|Views. Ponds. And a Nature Center.
Skyline Ridge Open Space Preserve
This 2,143-acre preserve has something for everyone. Children and
naturalists should enjoy the natural history exhibits shown every
weekend through mid-November at the David C. Daniels Nature Center.
They can also see old ranch buildings from the 1930s, and inspect
very old Ohlone Indian acorn-grinding holes.
The physically challenged and stroller-pushers
can gain access to nature via smooth paths around tranquil Alpine
Pond and the unusual "U"-shaped Horseshoe Lake. Equestrians have
lots of room for trailer parking and plenty of wide trails over
rounded hills, open meadows, and through the forest. Bicyclists are
welcome on preserve roads. Hikers have their own single-track
trails. And nature photographers can picture pond creatures, birds,
plants, and scenic vistas.
After enjoying your favorite adventure, share a
picnic at a favorite view site. View the Lambert Creek watershed,
Butano Ridge, Portola State Park, and in the distance, the Pacific
Ocean. So pick what you like, and enjoy a day at Skyline Ridge.
Although I usually prefer solo strolls,
Midpeninsula Regional Open Space offered a photography hike that was
just my speed. (They used the word "leisurely.") I also liked the
intent of their description. "You’ll use your camera to focus on
aspects of nature you might not have noticed before, from the tiny
whorls and grainy pollen inside a flower…to the orange underbelly of
the newt…to the contorted shapes of oak trees…to the broad vistas of
the rolling hills. You’ll have a chance to focus your camera on
intricate patterns and strange artistry in the natural world, and
perhaps discover how plants and animals use their life forms to
survive." All that in four hours, with time for lunch.
The hike did not begin auspiciously.
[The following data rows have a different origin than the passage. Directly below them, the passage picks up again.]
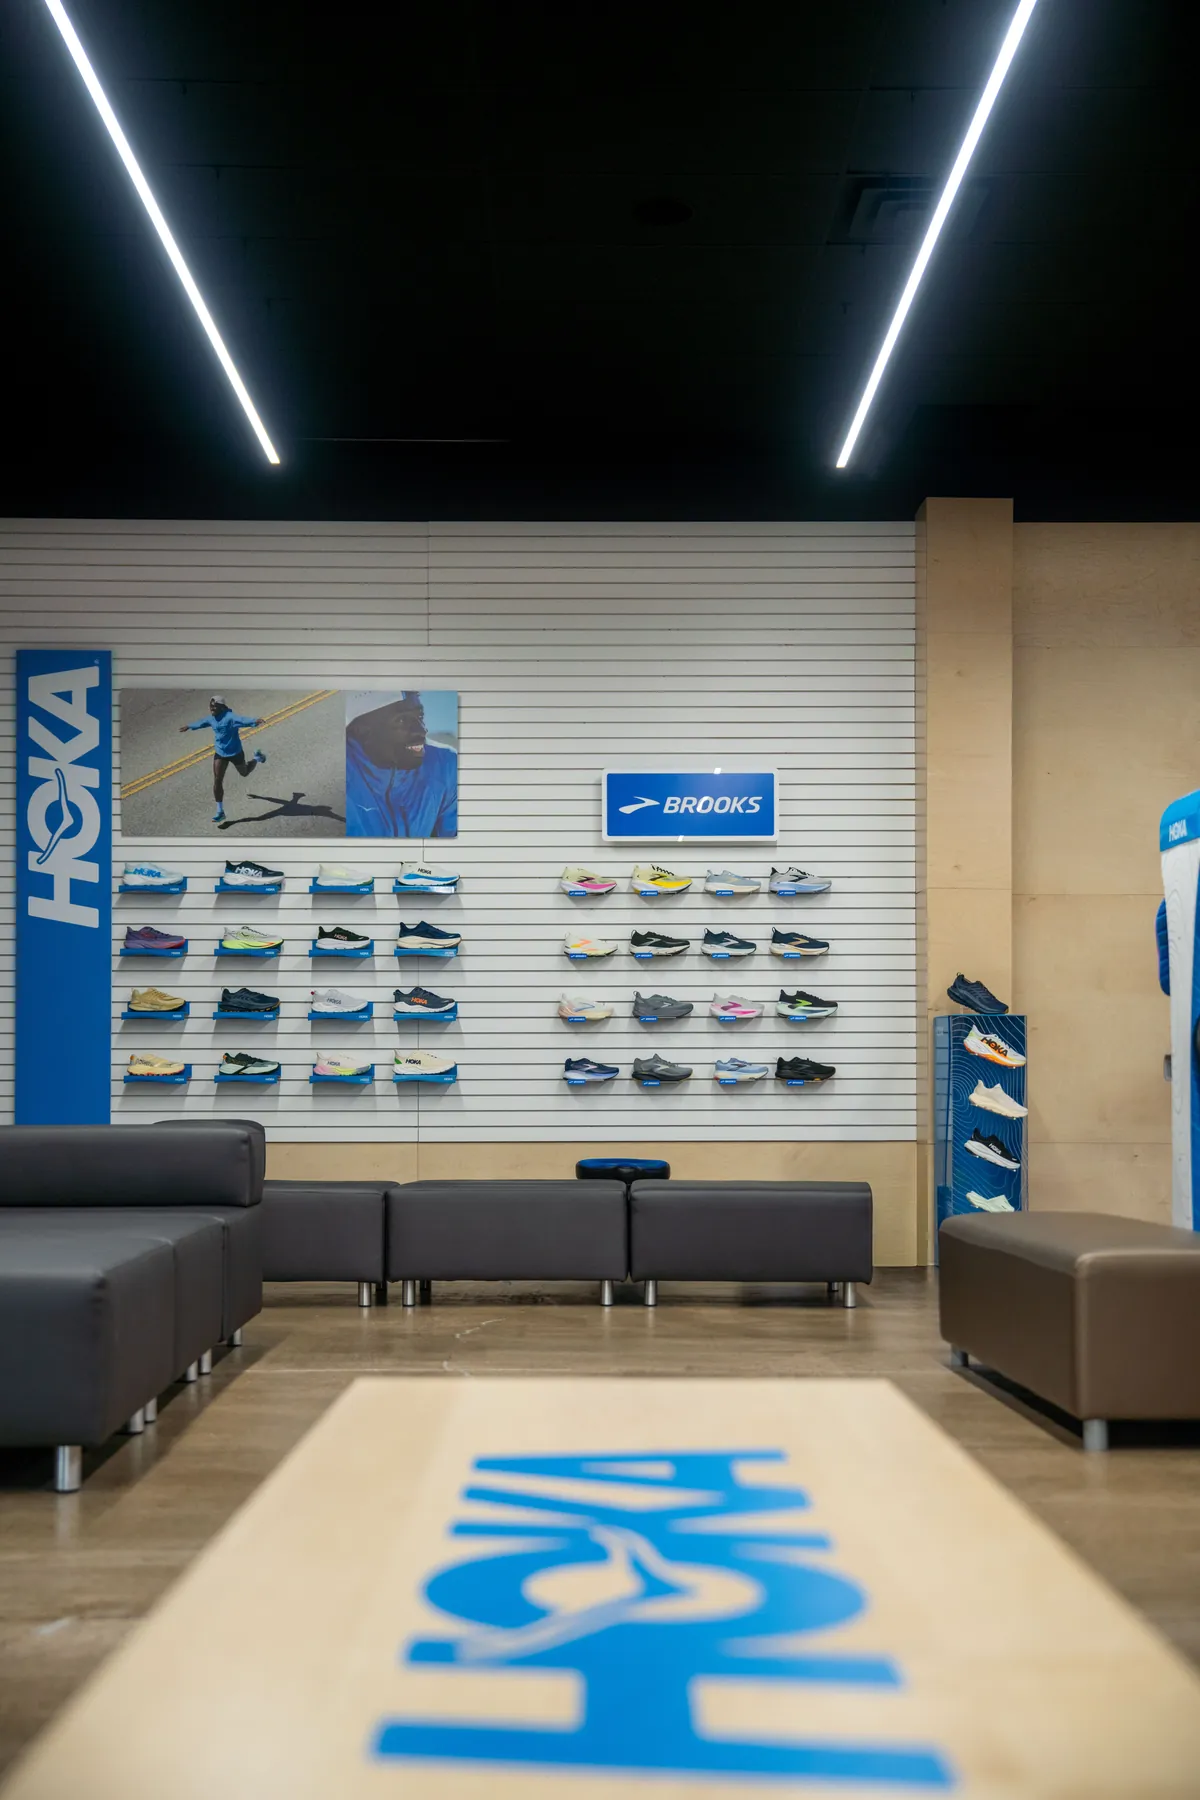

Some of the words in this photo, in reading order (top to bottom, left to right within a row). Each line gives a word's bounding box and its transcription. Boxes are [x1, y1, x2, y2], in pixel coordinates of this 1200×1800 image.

[27, 666, 100, 928] HOKA
[663, 796, 763, 814] BROOKS
[1169, 819, 1187, 842] HOKA
[133, 867, 162, 878] HOKA
[234, 866, 263, 878] HOKA
[417, 867, 432, 875] HOKA
[411, 997, 428, 1005] HOKA
[980, 1036, 1008, 1057] HOKA
[988, 1142, 1002, 1155] HOKA
[371, 1450, 957, 1791] HOKA
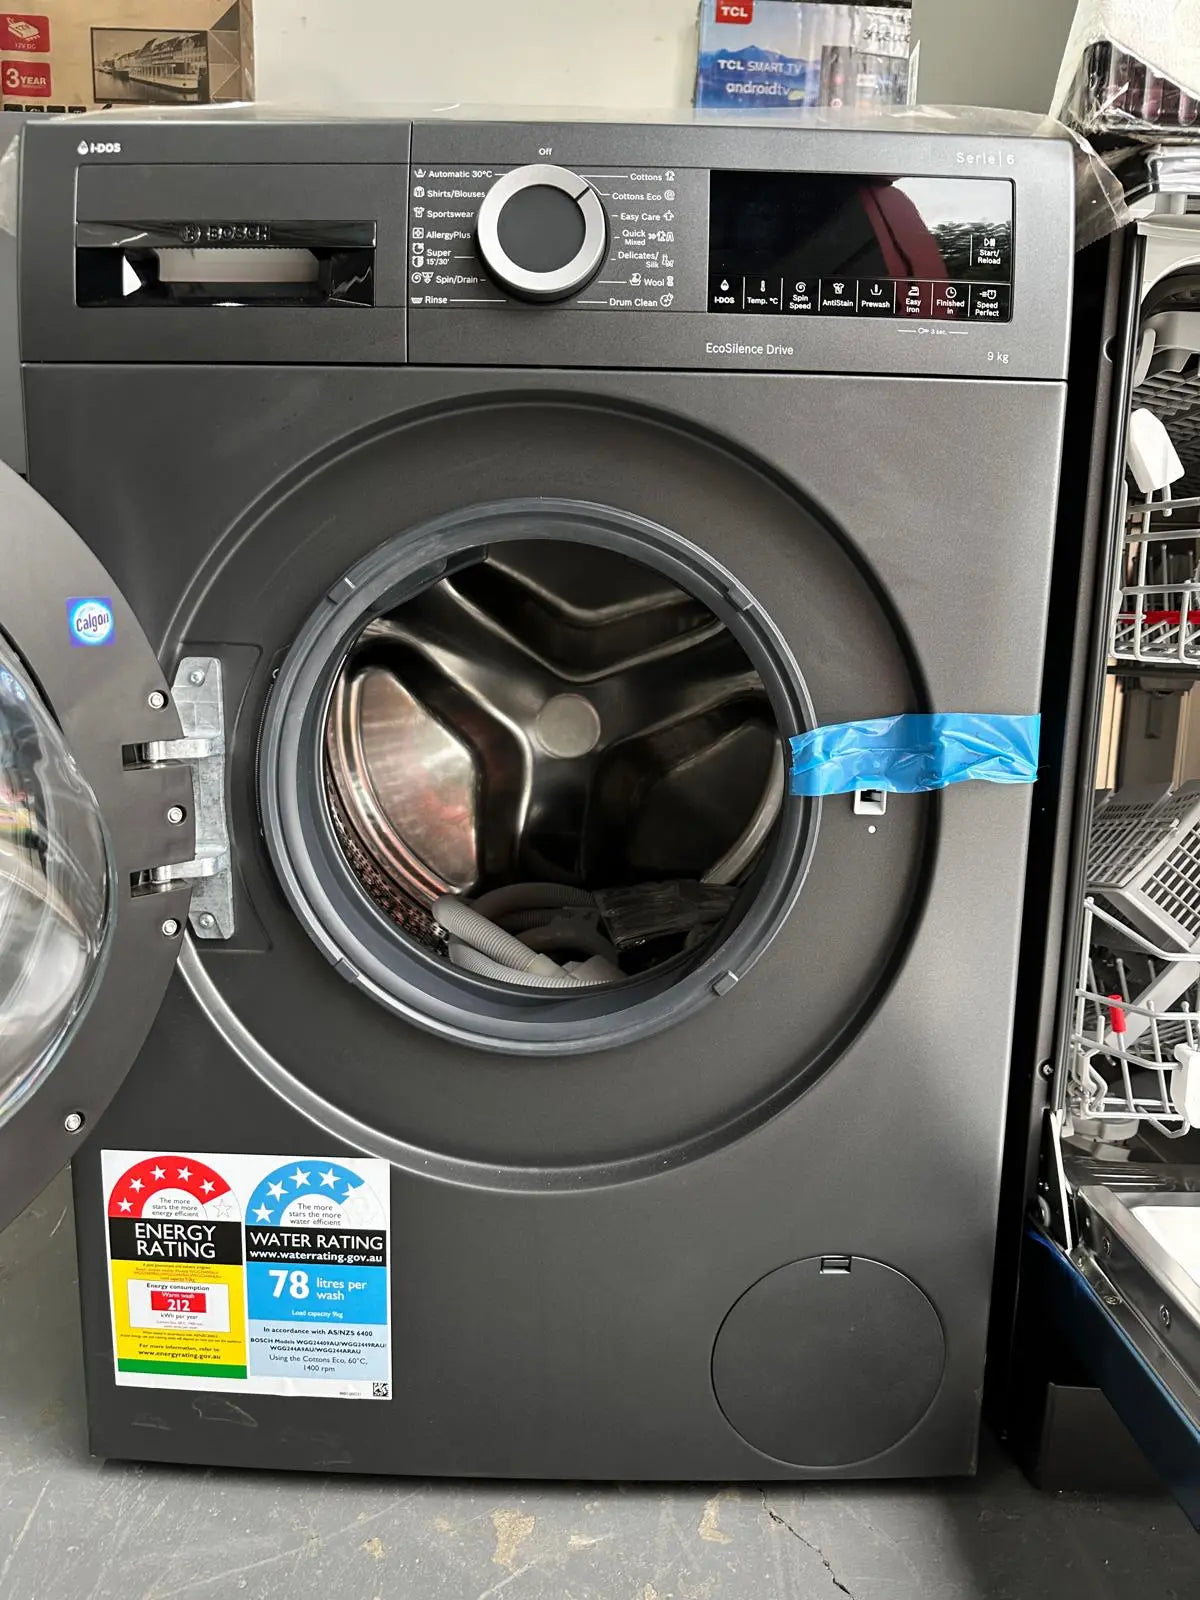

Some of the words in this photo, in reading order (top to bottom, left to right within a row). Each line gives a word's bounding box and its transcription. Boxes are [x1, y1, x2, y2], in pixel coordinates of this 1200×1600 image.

[721, 6, 748, 18] TCL
[717, 59, 745, 71] TCL
[746, 61, 784, 73] SMART
[785, 63, 802, 75] TV
[6, 68, 20, 88] 3
[20, 76, 46, 85] YEAR
[538, 147, 553, 156] Off
[956, 152, 996, 165] Serie
[1006, 154, 1015, 165] 6
[428, 170, 470, 178] Automatic
[630, 173, 662, 181] Cottons
[427, 190, 486, 199] Shirts/Blouses
[612, 192, 645, 200] Cottons
[646, 193, 662, 201] Eco
[427, 210, 474, 219] Sportswear
[620, 212, 640, 222] Easy
[641, 213, 661, 221] Care
[207, 225, 271, 241] BOSCH
[426, 231, 471, 240] AllergyPlus
[622, 229, 646, 238] Quick
[427, 249, 452, 258] Super
[618, 251, 659, 260] Delicates/
[979, 249, 1000, 257] Start/
[645, 261, 659, 269] Silk
[977, 257, 1001, 265] Reload
[435, 275, 478, 285] Spin/Drain
[644, 278, 665, 287] Wool
[425, 295, 448, 304] Rinse
[609, 298, 632, 306] Drum
[634, 298, 658, 307] Clean
[747, 296, 768, 305] Temp.
[792, 294, 809, 302] Spin
[905, 298, 921, 306] Easy
[789, 302, 812, 310] Speed
[822, 299, 854, 307] AntiStain
[861, 300, 890, 309] Prewash
[936, 299, 965, 308] Finished
[977, 301, 998, 310] Speed
[975, 309, 1000, 317] Perfect
[706, 342, 763, 354] EcoSilence
[766, 344, 794, 355] Drive
[987, 351, 994, 361] 9
[997, 352, 1009, 364] kg
[76, 612, 110, 632] Calgon
[152, 1210, 172, 1218] energy
[135, 1222, 217, 1241] ENERGY
[250, 1232, 311, 1248] WATER
[316, 1234, 383, 1250] RATING
[137, 1240, 216, 1259] RATING
[250, 1250, 383, 1263] www.waterrating.gov.au
[146, 1282, 168, 1290] Energy
[169, 1284, 210, 1292] consumption
[268, 1269, 310, 1299] 78
[316, 1277, 345, 1289] litres
[347, 1281, 367, 1291] per
[316, 1290, 345, 1300] wash
[167, 1299, 191, 1312] 212
[307, 1310, 331, 1318] capacity
[138, 1350, 221, 1360] www.energyrating.gov.au
[269, 1354, 288, 1363] Using
[302, 1355, 330, 1363] Cottons
We were to
meet at Monte Bello Open Space, but because of fire at the bottom of
the preserve, our docents detoured us to nearby Skyline Ridge. Also,
the first photographer that I met pulled out a 800 mm lens that
dwarfed all my cameras and lenses put together. I had a bad case of
lens envy, but when he told me that with the pack and extra heavy
tripod, it weighed forty pounds, I realized that I wouldn’t want to
carry photography that far or that long, unless I had my own camera
porter or a golf cart.
He didn’t see a porter either, and decided to
rough it with a 100-400 mm zoom. Appreciating the word "hike," I
brought only one lens—my trusty 28-135 mm zoom. This left more room
in my pack for lunch. It was a good decision.
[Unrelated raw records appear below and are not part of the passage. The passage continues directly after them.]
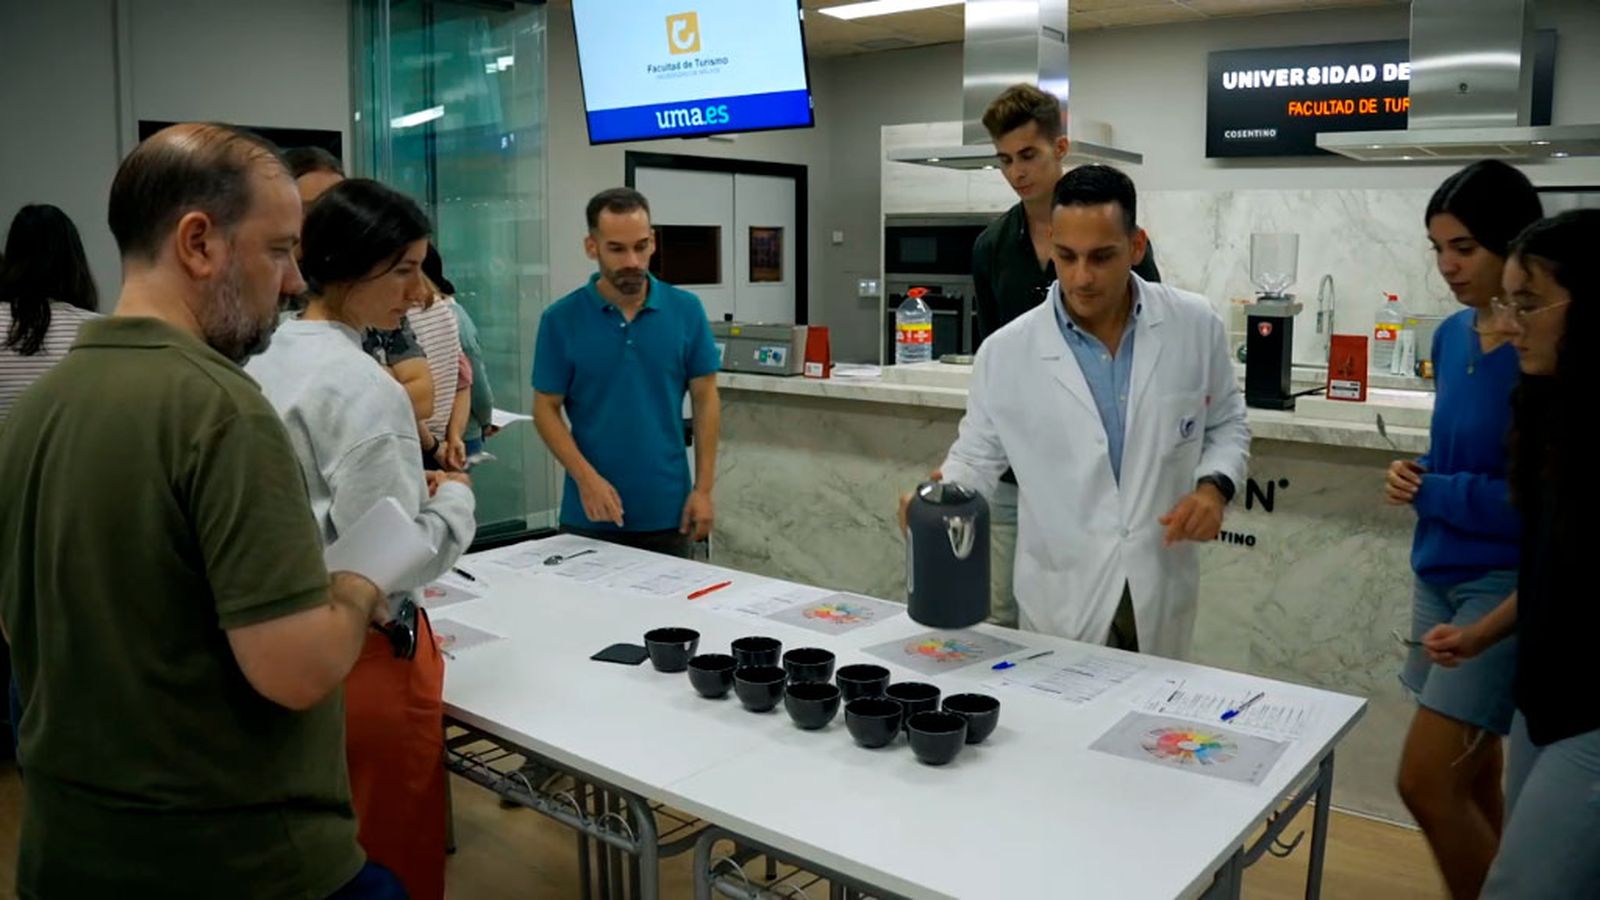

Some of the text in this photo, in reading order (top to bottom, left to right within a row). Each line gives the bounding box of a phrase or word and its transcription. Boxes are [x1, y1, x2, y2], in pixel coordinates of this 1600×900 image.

[647, 62, 681, 73] Facultad
[683, 60, 693, 69] de
[694, 57, 729, 68] Turismo
[1223, 62, 1410, 89] UNIVERSIDAD DE
[1288, 100, 1354, 117] FACULTAD
[1358, 98, 1378, 114] DE
[1224, 129, 1277, 139] COSENTINO
[1216, 531, 1256, 546] TINO
After our small group introduced themselves,
docents Frances Cleveland and Jack Zirker led us from the main
parking lot up the Ridge Trail. We stopped often, ostensibly to
discuss aperture, depth of field, resolution, megapixels, and
Photoshop®, but also to catch our collective breaths as we climbed
the ridge. Actually, it was a pleasant way to hike, with lots of
talking, picture taking, and enjoying views from the macro (seed
pods and flowers) to the telephoto (hills, ridges, and ocean). After
climbing through a golden meadow, we rounded a rock outcrop over a
steep slope, actually a ledge carved from the mountain, protected by
a somewhat fragile fence. We were at Rattlesnake Point, named by the
men who encountered these reptiles while building the trail. The
view to the ocean was excellent, but unfortunately, we did not see
any rattlesnakes. (I’ve always wanted a picture of people jumping
off a cliff while yelling, "Snake, snake!")
We doubled back to the intersection with
Horseshoe Lake Trail that took us, as you might expect, to Horseshoe
Lake, which is actually a 27-foot-deep spring-fed reservoir,
complete with ducks and coots, ferns and cat-tails, benches, and a
table. The trail goes all the way around the lake, sometimes at the
shoreline and sometimes several hundred feet above. It’s a pleasant
As we walked and talked on the way back to our
cars, I realized that I enjoyed this group hike. Putting people
together on a trail with a common interest works, especially with
the right people, docents, and environment. I hope that Midpen
sponsors more photographic safaris.
Whether you walk with a group, your family, or
alone, Skyline Ridge is a good place to be.
Take Black Road up to my favorite highway,
Skyline Boulevard (Highway 35), turn right, and continue on Skyline
past Highway 9 and past the Palo Alto sign. If you want to go to
Horseshoe Lake, watch for the Skyline Ridge parking lot on the left.
If you want to go to the nature center and Alpine Pond, continue on
about another mile to the Russian Ridge parking lot at the
intersection of Alpine Road, then walk through the tunnel under
Alpine Road to the nature center.
You can get a map covering the entire South
Skyline region at the trailhead. You can also get more information
and maps at www.openspace.org. Parking and admission are free.
If you are low on food or gas, drive north on
Skyline to Alice’s Restaurant at the intersection with Highway 84.